Her goal was to not only promote local Black authors but also to encourage people to read books with Black protagonists where the main topic wasn’t trauma. Books by award-winning science fiction author Octavia Butler were among the first she read that featured Black people as the main characters.

“It should be normal that you’re featured and reflected in books,” Weston-Roy said.

Weston-Roy said she wanted to read a book and see herself, a young Black woman, represented, so she started reading books by Black authors.

Lewis Charles Lea Jr. is a member of the Black Authors Collective. His book, “Trilithaeons: In Dissonance,” is featured in the local authors’ section.

Lea’s novel follows the protagonist Alexis on her time-traveling journey to discover why the residents of Glass City live a pain-free life. The cover was designed by a Rufus King High School graduate, Desharr Saddler. The story, which parallels Lea’s own journey, is about self-discovery and the rejection of exterior labels.

“I wanted to do it (write a book) as a kid but the outside world stopped the process,” he said, adding that he got the motivation to finish the book from his sons.

Lea, who works in education, was looking to connect with local authors as part of an initiative to get students to read more. While on the hunt, he encountered Weston-Roy who was hosting an event at Coffee Makes You Black, 2803 N. Teutonia Ave.

She was open and enthusiastic, Lea recalled. When he heard about the Niche Book Bar, Lea loved the idea.

“I right away tried to get my book on the shelf,” he said.

Bell said Weston-Roy’s commitment to including and spotlighting authors on the Niche Book Bar Facebook page encouraged her to ask Weston-Roy about joining the book bar and being spotlighted.

Bell and her son Cameron Fry, 13, co-wrote the book “Why Bully Me?” about Cameron’s experience with bullying in kindergarten. The book took about two years to write and was published on June 1.

She said Cameron wanted to write the book to spread awareness about bullying and prevention methods.

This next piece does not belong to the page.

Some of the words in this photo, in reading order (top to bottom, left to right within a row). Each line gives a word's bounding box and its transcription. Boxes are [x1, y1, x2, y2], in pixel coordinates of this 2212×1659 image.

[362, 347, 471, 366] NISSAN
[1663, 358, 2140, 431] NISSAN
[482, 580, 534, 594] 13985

“The reality of what he faced can help someone else,” she said.

3. How a bike became a bookstore

The Niche Book Bar is currently a blue bike with a wooden yellow display case attached on back.

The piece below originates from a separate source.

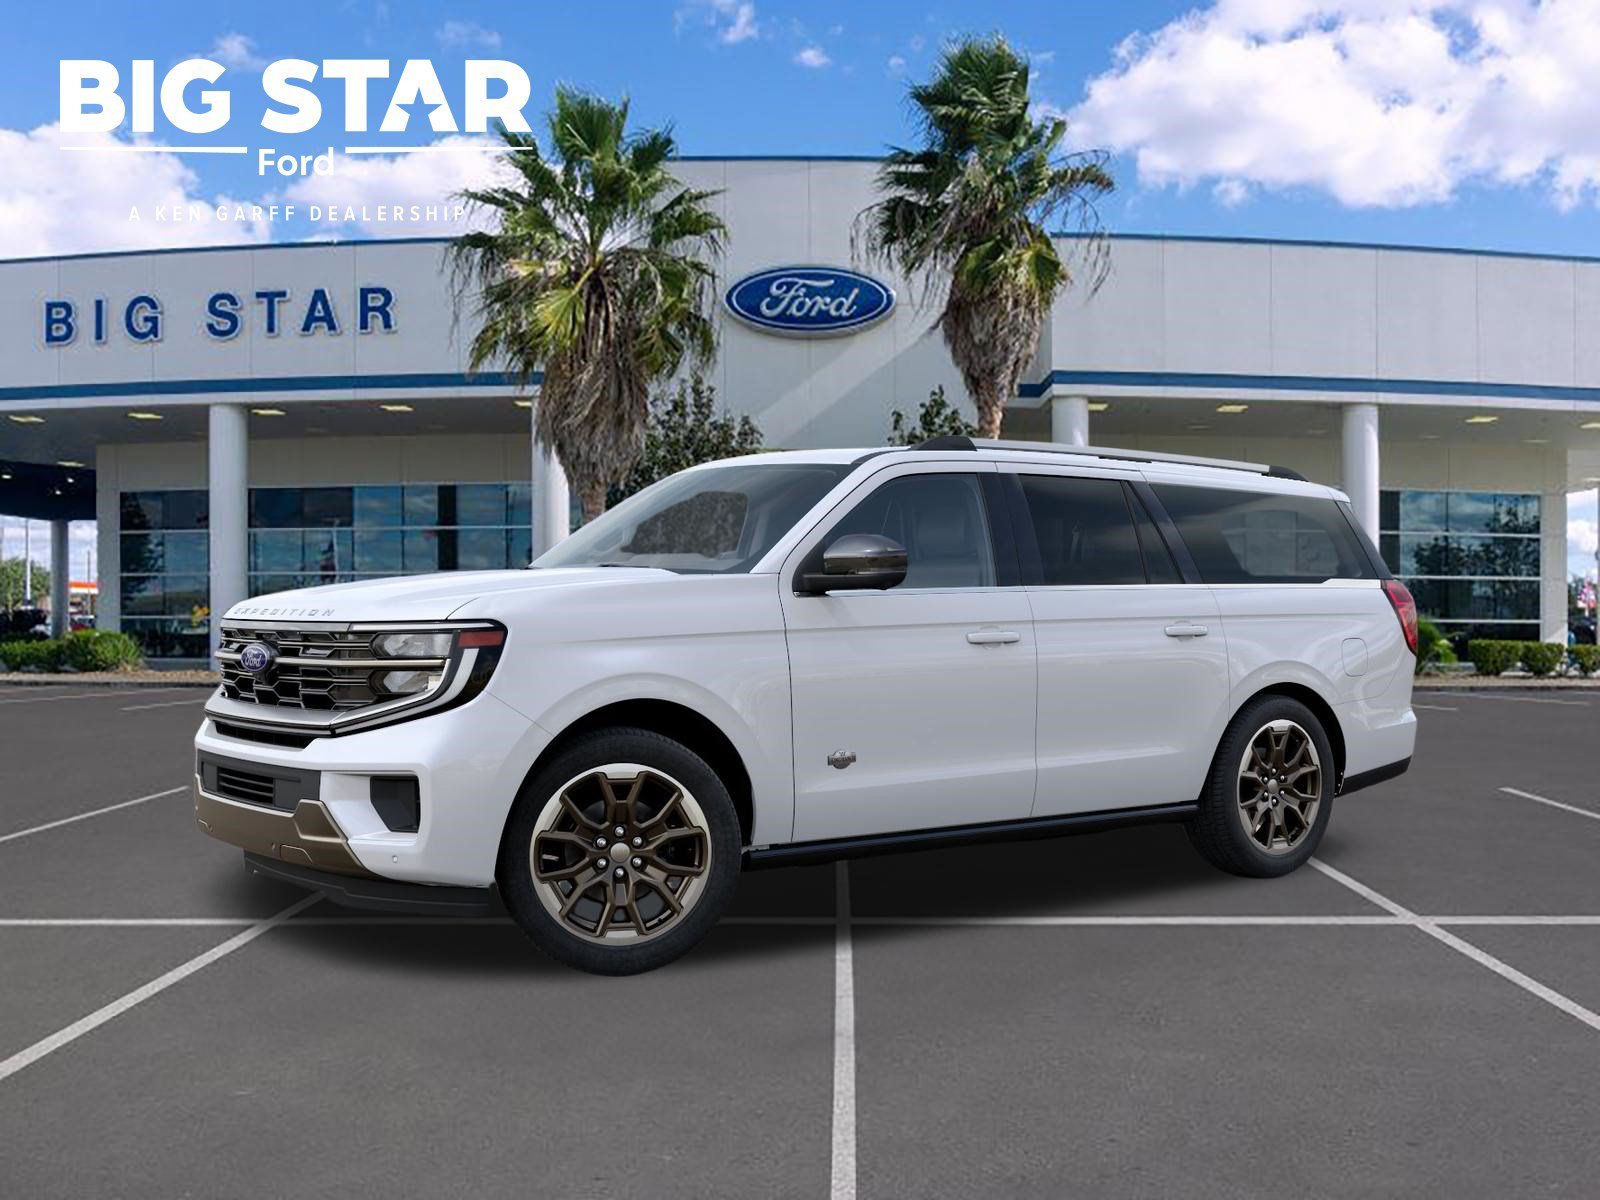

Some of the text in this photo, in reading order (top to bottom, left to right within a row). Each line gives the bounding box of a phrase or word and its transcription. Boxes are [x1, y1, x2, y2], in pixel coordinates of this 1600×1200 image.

[759, 277, 859, 318] Ford
[44, 285, 399, 346] BIG STAR
[233, 607, 335, 617] EXPEDITION
[244, 649, 263, 667] Ford

The case holds over a dozen books for all age ranges.

Weston-Roy chose a bike as her mode of transportation because of budget. Although she initially planned to open a brick-and-mortar store, the coronavirus pandemic slowed down funding.

The bike has been a blessing in disguise and has allowed her to attend events such as farmers markets and ride through various neighborhoods and connect with more people.

During one of her first ventures, she went to Carver Park, where a little girl wanted to look at the books. Another time, a woman gave her a children’s book about wearing a mask, and yet another time she spoke with someone about how Black protagonists are missing from literature and always cast as the slave.

It is something inspiring that has never been seen before, Lea said, and it showcases books not found in large bookstore chains.

“I think it’s important for Milwaukee because we learn through stories,” he said. “Sometimes when you hear stories from your own area, it’s inspiring.”

One of the books available at the Niche Book Bar is Weston-Roy’s own book, “The Misadventures of Toni Macaroni in The Mad Scientist.” The book’s protagonist, Antoinette Macarthur, otherwise known as Toni Macaroni, is based on Weston-Roy and follows Toni as she tries to avoid eating her dad’s cooking.       

4. The next chapter?

Weston-Roy recently launched a Kickstarter to raise funds for a brick-and-mortar store. Her plan is to open the bookshop in Bronzeville, where she plans to serve wine and start genre-based book clubs.

The book selections continue to grow, and Weston-Roy started book subscription services for children and adults.

Bell, Cameron and Lea are all working on their second book.

Bell and Cameron plan to write a book about Cameron’s drowning experience. Lea’s second book follows some of the characters in the previous novel but isn’t necessarily a sequel. For now, he’s focusing on finding beta readers to read his draft and give him strong feedback.

Weston-Roy continues to encourage everyone to read.

“One of the best ways to inform people and get empathy is to read,” she said.